Well, old master drawing master expert sounds rather highfalutin. You can’t be a drawings expert if you’re not also a paintings expert, because the drawing very often leads to a painting. Very few drawings stand in their own right. They are for something. So if you look at a painting… and this is why it’s so important to have this huge visual memory, because you’ll see a drawing and you need to be able to say, oh, that looks like the left-hand figure in the Adoration of the Magi by Guatieri [sic] or somebody. And then you need to go and look it up. And sometimes you know that a picture must exist somewhere because of the nature of the drawing or drawings, and you’re standing in the vaults below Christie’s, and you’re going through picture after picture after picture, and suddenly something comes out of the stack, and ah! You know. You’ve recognised it, because you already knew the drawing.
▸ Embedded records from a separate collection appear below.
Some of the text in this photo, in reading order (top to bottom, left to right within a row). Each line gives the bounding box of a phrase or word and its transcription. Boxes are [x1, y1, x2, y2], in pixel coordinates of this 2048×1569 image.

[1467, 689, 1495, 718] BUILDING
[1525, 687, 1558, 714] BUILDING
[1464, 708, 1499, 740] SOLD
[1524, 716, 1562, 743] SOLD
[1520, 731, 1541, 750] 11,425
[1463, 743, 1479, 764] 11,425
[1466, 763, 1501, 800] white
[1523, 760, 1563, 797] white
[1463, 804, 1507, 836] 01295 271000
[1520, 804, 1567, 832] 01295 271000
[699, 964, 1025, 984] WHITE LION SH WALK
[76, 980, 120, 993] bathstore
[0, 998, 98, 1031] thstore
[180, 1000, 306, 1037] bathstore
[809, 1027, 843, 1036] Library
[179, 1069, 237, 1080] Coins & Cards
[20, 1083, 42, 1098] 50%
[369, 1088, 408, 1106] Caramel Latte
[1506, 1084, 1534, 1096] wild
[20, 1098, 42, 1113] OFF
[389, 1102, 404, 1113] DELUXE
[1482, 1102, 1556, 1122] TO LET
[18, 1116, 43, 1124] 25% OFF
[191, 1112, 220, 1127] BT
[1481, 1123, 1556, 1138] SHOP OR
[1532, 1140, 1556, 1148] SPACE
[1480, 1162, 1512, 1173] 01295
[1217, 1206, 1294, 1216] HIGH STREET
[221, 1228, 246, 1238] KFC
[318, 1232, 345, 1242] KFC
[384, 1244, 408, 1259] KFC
Because the drawing… the drawing is of a quality that tells you that this must be for a work of art that you do not yet know.
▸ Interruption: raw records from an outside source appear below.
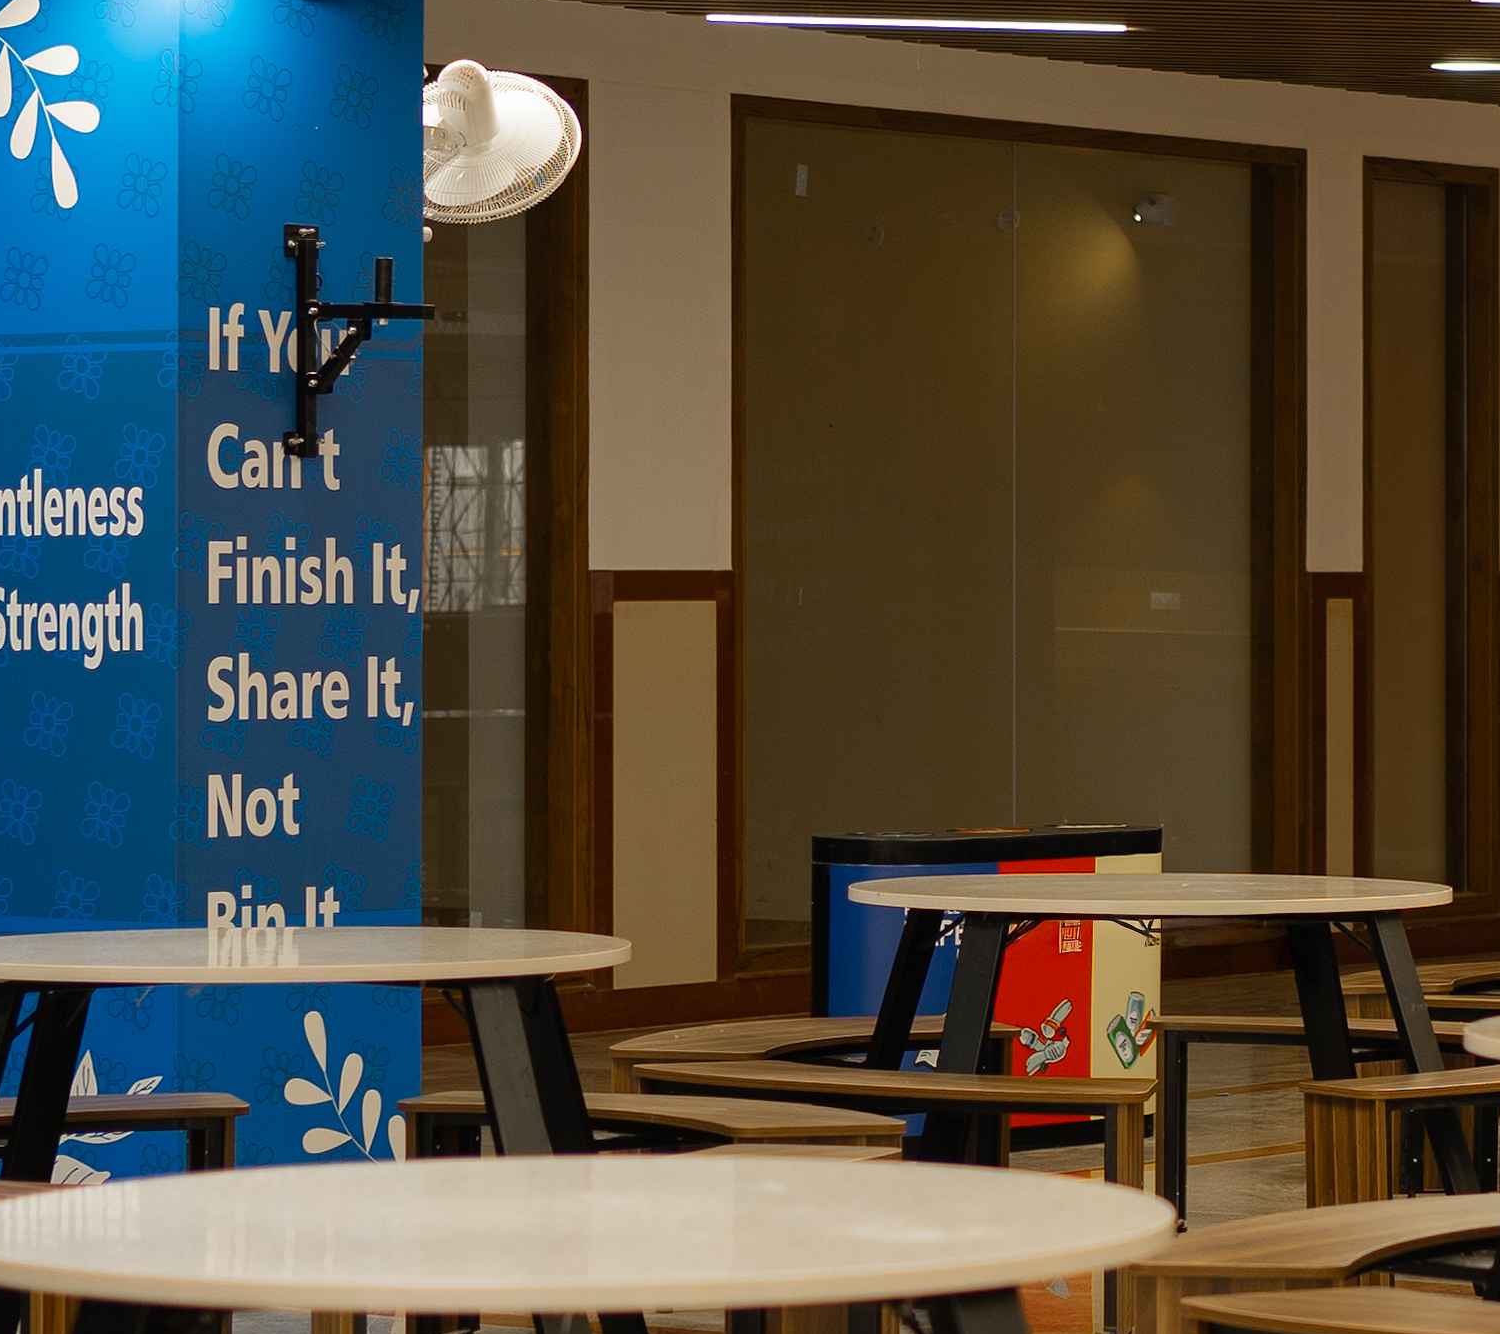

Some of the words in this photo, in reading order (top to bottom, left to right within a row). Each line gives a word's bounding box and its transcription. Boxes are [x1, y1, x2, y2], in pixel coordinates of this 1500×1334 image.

[208, 302, 245, 372] If
[207, 535, 355, 606] Finish
[372, 542, 421, 615] It,
[206, 652, 350, 723] Share
[366, 655, 415, 727] It,
[207, 772, 301, 839] Not
And in my day, more than half a century ago, Christie’s and Sotheby’s were treasure troves of discovery. All sorts of things passing were through their hands. And so you needed somebody like me, who had the visual memory that was really enormous, over a very wide range... deep as well as ranging, who could just relate things to each other.
And that was the great joy of being there. You were, in fact, identifying things all the time. And sometimes you didn’t know, but you had an idea that this might be the case, in which case, off you go to The Courtauld and you use the photograph library there, to either confirm or deny what your connoisseurship is telling you.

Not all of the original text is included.